Purpose of review: Improved understanding of the pathophysiology of fibrosis and recent technological advances have resulted in the development of several serum biomarkers and imaging tools as noninvasive alternatives to biopsy. This review highlights some of the recent advances and potential application of these tools in clinical practice.
Recent findings: Several newer approaches have been used to improve the semiquantitative histological assessment of fibrosis in relation to biomarker development. These include statistical considerations, smooth muscle actin morphometry, and emerging microscopy techniques to quantify fibrillar collagen. Serum marker panels, initially developed for determining disease stage in chronic hepatitis C infection, have now been adapted for use in nonalcoholic fatty liver disease.

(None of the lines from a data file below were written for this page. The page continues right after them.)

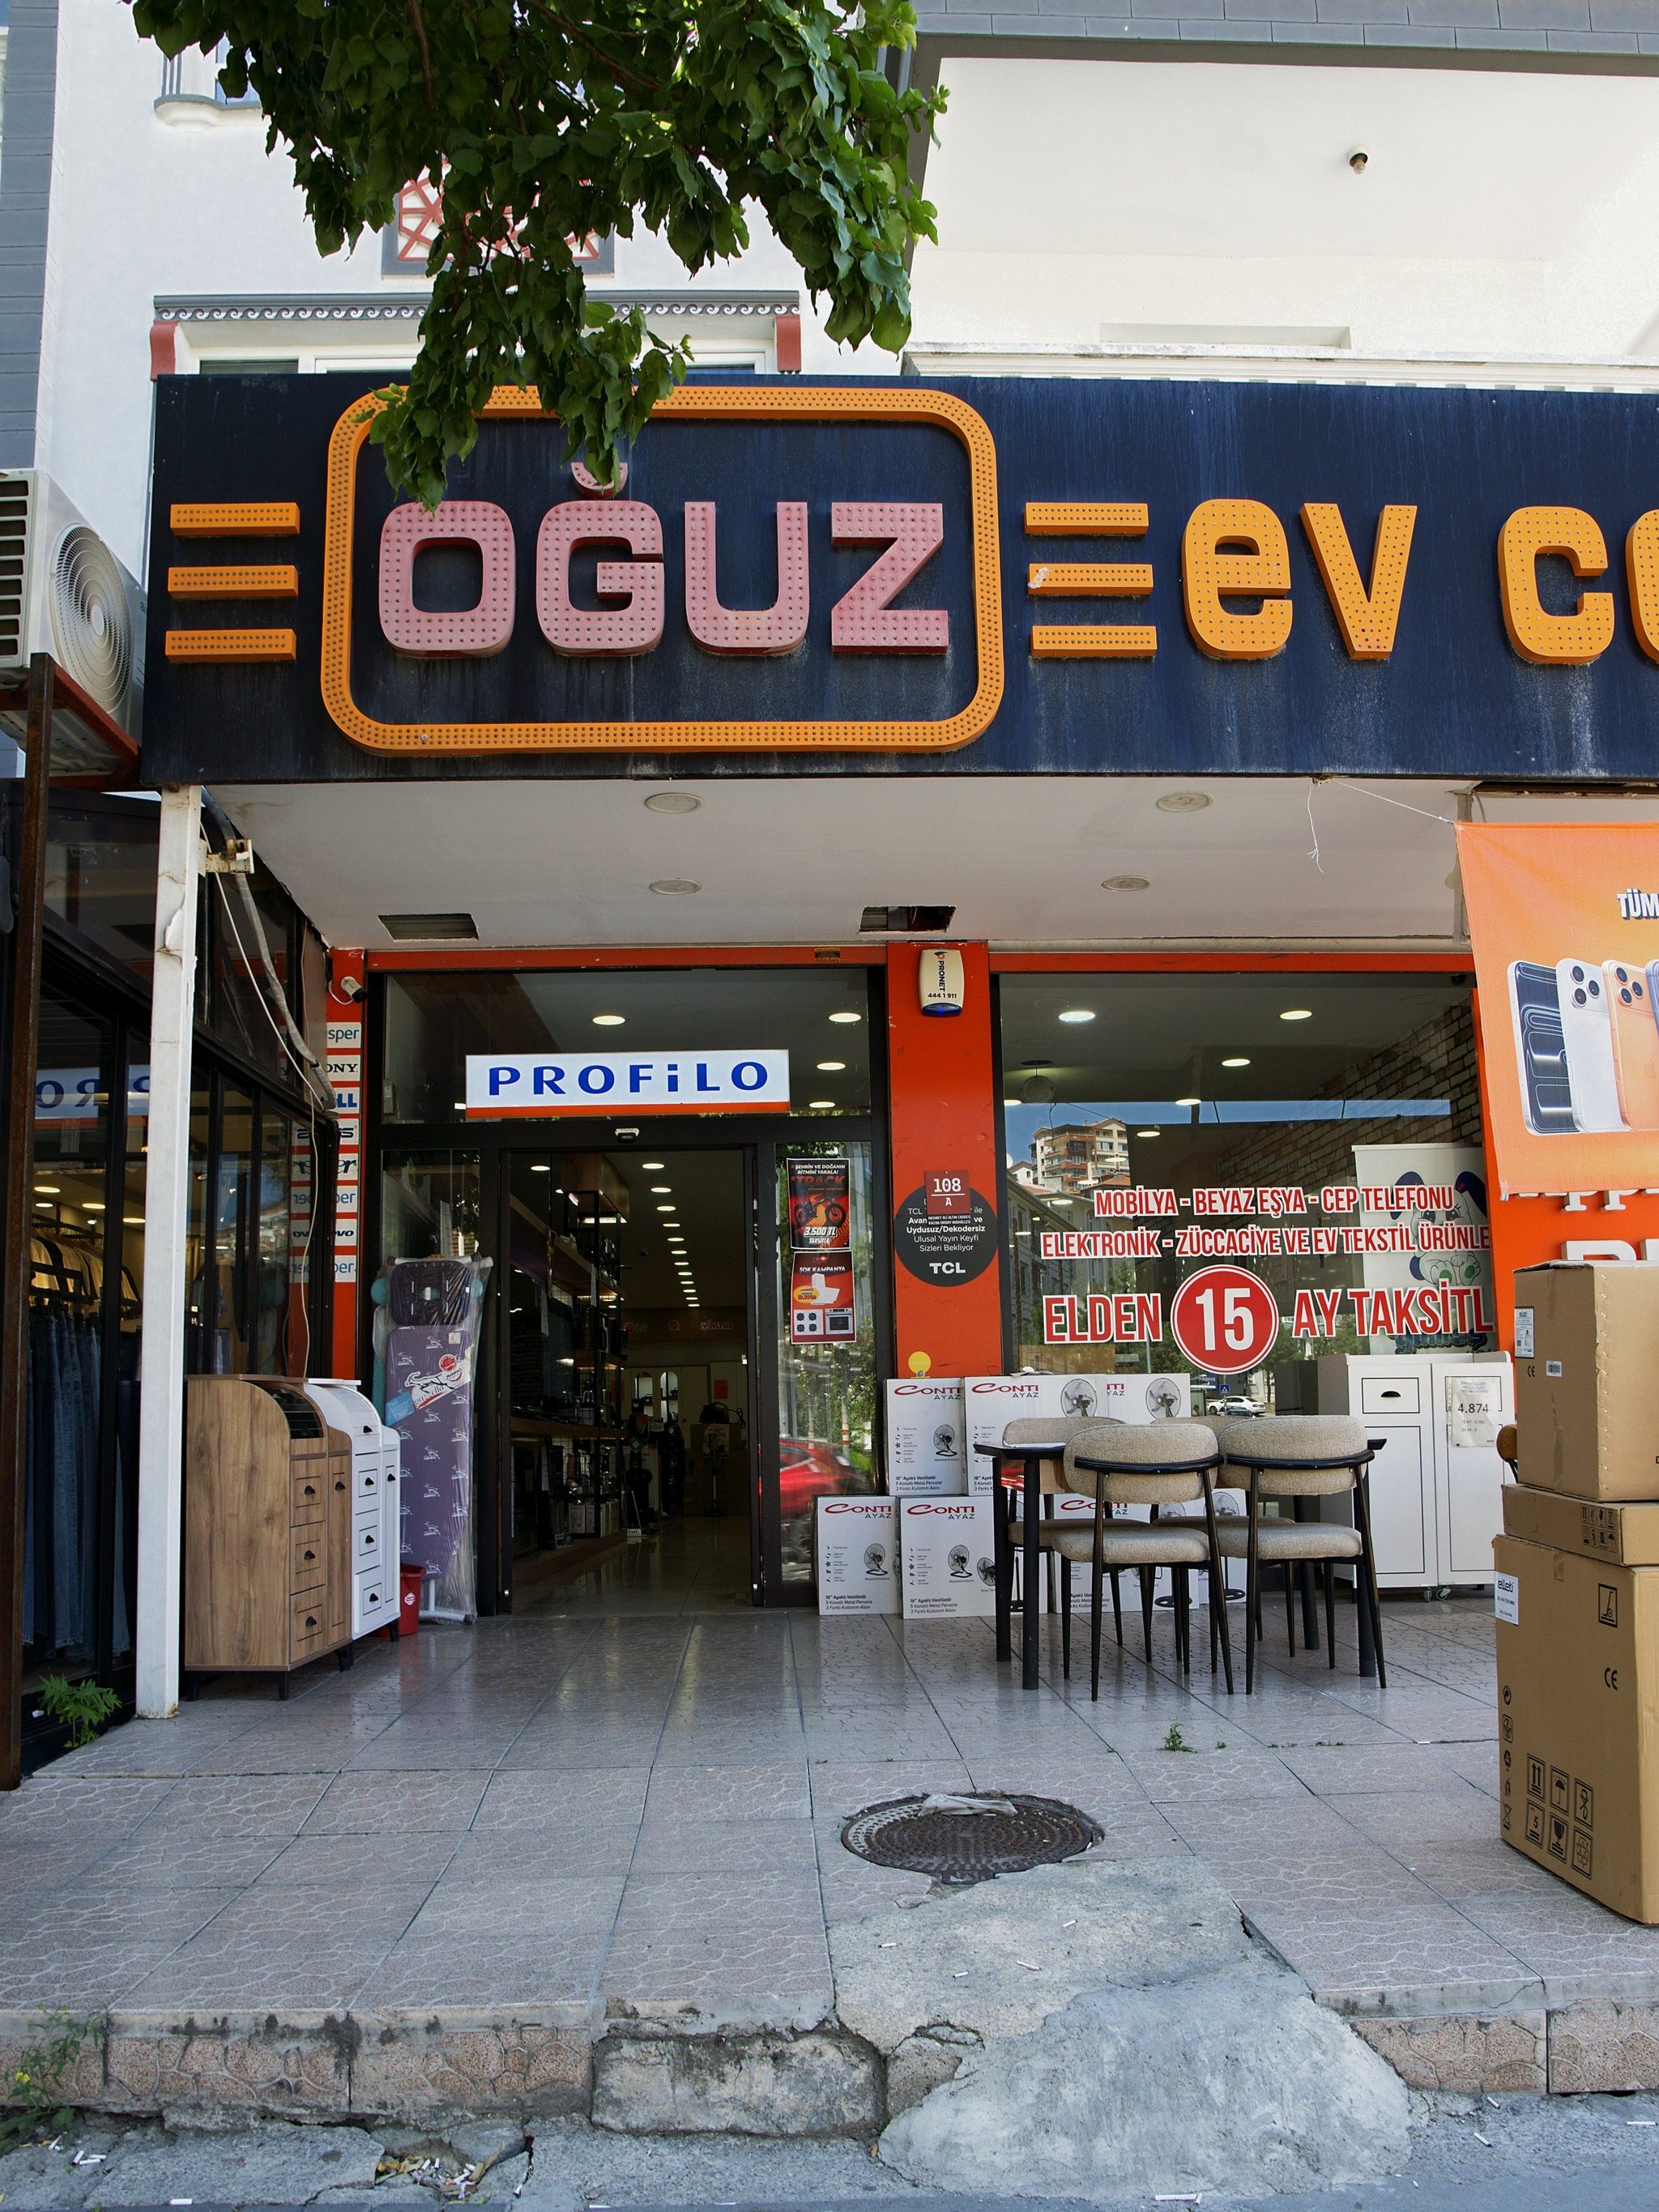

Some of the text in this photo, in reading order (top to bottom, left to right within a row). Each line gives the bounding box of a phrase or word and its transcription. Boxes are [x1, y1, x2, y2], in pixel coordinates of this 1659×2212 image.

[378, 462, 949, 658] OĞUZ
[933, 1178, 962, 1193] 108
[945, 1197, 952, 1206] A
[1094, 1186, 1178, 1217] MOBİLYA
[1193, 1188, 1255, 1215] BEYAZ
[1257, 1187, 1307, 1217] EŞYA
[1321, 1187, 1358, 1213] CEP
[1361, 1185, 1454, 1213] TELEFONU
[906, 1225, 986, 1234] Uydusuz/Dekodersiz
[938, 1235, 958, 1243] Yayın
[960, 1234, 979, 1243] Keyfi
[1040, 1226, 1162, 1259] ELEKTRONİK
[1175, 1224, 1282, 1256] ZÜCCACİYE
[1282, 1228, 1310, 1255] VE
[1311, 1227, 1339, 1255] EV
[1340, 1221, 1417, 1253] TEKSTİL
[919, 1244, 974, 1252] Sizleri Bekliyor
[929, 1262, 966, 1274] TCL
[1043, 1278, 1494, 1351] ELDEN 15 AY TAKSİTL
[1457, 1403, 1489, 1413] 4.874

Genetic markers of disease progression have been validated, and newer proteomic technologies are increasingly being applied towards biomarker discovery. A sequential approach or the combination of serum markers and transient elastography is able to significantly reduce the need for biopsy for the diagnosis of cirrhosis. Serum markers also appear to provide useful prognostic information in end-stage liver disease. Newer imaging methods and breath tests require further validation, but appear promising adjunctive techniques for prediction of advanced stage fibrosis and providing functional assessment.
Summary: Current noninvasive tools have potential diagnostic and prognostic utility for end-stage liver disease. Adapting these methods into clinical practice remains a challenge.